[Dataset entries]
- Opening Delimiter -
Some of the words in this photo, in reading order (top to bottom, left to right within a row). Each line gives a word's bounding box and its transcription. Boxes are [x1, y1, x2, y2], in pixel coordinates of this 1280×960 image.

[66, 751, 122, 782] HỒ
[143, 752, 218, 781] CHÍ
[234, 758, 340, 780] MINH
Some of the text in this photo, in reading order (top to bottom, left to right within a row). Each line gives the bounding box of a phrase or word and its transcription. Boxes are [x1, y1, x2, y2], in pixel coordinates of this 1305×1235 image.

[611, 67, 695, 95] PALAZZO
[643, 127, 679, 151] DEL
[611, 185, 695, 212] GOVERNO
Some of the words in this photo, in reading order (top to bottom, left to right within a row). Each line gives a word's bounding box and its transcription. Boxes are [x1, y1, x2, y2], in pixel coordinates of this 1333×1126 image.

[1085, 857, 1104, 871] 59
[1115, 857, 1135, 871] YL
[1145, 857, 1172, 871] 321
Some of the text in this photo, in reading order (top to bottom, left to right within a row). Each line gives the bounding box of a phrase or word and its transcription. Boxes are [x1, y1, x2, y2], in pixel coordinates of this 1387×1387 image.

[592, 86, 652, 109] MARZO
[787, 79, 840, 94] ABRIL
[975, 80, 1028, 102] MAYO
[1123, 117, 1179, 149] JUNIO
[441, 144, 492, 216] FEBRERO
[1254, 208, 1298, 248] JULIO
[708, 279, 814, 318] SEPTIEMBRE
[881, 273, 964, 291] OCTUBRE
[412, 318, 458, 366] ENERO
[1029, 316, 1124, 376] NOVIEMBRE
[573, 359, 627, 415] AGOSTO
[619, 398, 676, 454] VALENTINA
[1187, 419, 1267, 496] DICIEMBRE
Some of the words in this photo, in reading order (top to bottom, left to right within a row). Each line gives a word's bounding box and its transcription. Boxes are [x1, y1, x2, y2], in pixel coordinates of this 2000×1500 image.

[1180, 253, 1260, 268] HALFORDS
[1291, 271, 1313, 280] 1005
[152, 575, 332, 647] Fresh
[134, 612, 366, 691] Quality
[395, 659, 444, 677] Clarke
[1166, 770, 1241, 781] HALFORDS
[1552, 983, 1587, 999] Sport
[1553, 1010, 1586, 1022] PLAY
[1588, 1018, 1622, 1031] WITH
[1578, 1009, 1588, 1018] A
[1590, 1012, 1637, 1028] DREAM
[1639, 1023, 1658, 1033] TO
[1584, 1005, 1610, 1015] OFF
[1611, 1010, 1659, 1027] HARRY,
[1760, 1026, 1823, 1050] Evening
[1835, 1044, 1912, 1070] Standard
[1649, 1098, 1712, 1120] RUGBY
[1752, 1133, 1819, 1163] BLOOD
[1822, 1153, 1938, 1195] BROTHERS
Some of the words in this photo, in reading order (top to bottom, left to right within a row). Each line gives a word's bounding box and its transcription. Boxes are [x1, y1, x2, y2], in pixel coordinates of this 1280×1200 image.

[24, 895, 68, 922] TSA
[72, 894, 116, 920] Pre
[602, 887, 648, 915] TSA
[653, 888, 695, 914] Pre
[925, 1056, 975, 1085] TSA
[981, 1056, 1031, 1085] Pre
- Closing Delimiter -
WORK TASK: Retype exactly, please, only the lines of the entries that run from the one containing "this 1387×1387 image." to the last.

EXPECTED OUTPUT:
Some of the text in this photo, in reading order (top to bottom, left to right within a row). Each line gives the bounding box of a phrase or word and its transcription. Boxes are [x1, y1, x2, y2], in pixel coordinates of this 1387×1387 image.

[592, 86, 652, 109] MARZO
[787, 79, 840, 94] ABRIL
[975, 80, 1028, 102] MAYO
[1123, 117, 1179, 149] JUNIO
[441, 144, 492, 216] FEBRERO
[1254, 208, 1298, 248] JULIO
[708, 279, 814, 318] SEPTIEMBRE
[881, 273, 964, 291] OCTUBRE
[412, 318, 458, 366] ENERO
[1029, 316, 1124, 376] NOVIEMBRE
[573, 359, 627, 415] AGOSTO
[619, 398, 676, 454] VALENTINA
[1187, 419, 1267, 496] DICIEMBRE
Some of the words in this photo, in reading order (top to bottom, left to right within a row). Each line gives a word's bounding box and its transcription. Boxes are [x1, y1, x2, y2], in pixel coordinates of this 2000×1500 image.

[1180, 253, 1260, 268] HALFORDS
[1291, 271, 1313, 280] 1005
[152, 575, 332, 647] Fresh
[134, 612, 366, 691] Quality
[395, 659, 444, 677] Clarke
[1166, 770, 1241, 781] HALFORDS
[1552, 983, 1587, 999] Sport
[1553, 1010, 1586, 1022] PLAY
[1588, 1018, 1622, 1031] WITH
[1578, 1009, 1588, 1018] A
[1590, 1012, 1637, 1028] DREAM
[1639, 1023, 1658, 1033] TO
[1584, 1005, 1610, 1015] OFF
[1611, 1010, 1659, 1027] HARRY,
[1760, 1026, 1823, 1050] Evening
[1835, 1044, 1912, 1070] Standard
[1649, 1098, 1712, 1120] RUGBY
[1752, 1133, 1819, 1163] BLOOD
[1822, 1153, 1938, 1195] BROTHERS
Some of the words in this photo, in reading order (top to bottom, left to right within a row). Each line gives a word's bounding box and its transcription. Boxes are [x1, y1, x2, y2], in pixel coordinates of this 1280×1200 image.

[24, 895, 68, 922] TSA
[72, 894, 116, 920] Pre
[602, 887, 648, 915] TSA
[653, 888, 695, 914] Pre
[925, 1056, 975, 1085] TSA
[981, 1056, 1031, 1085] Pre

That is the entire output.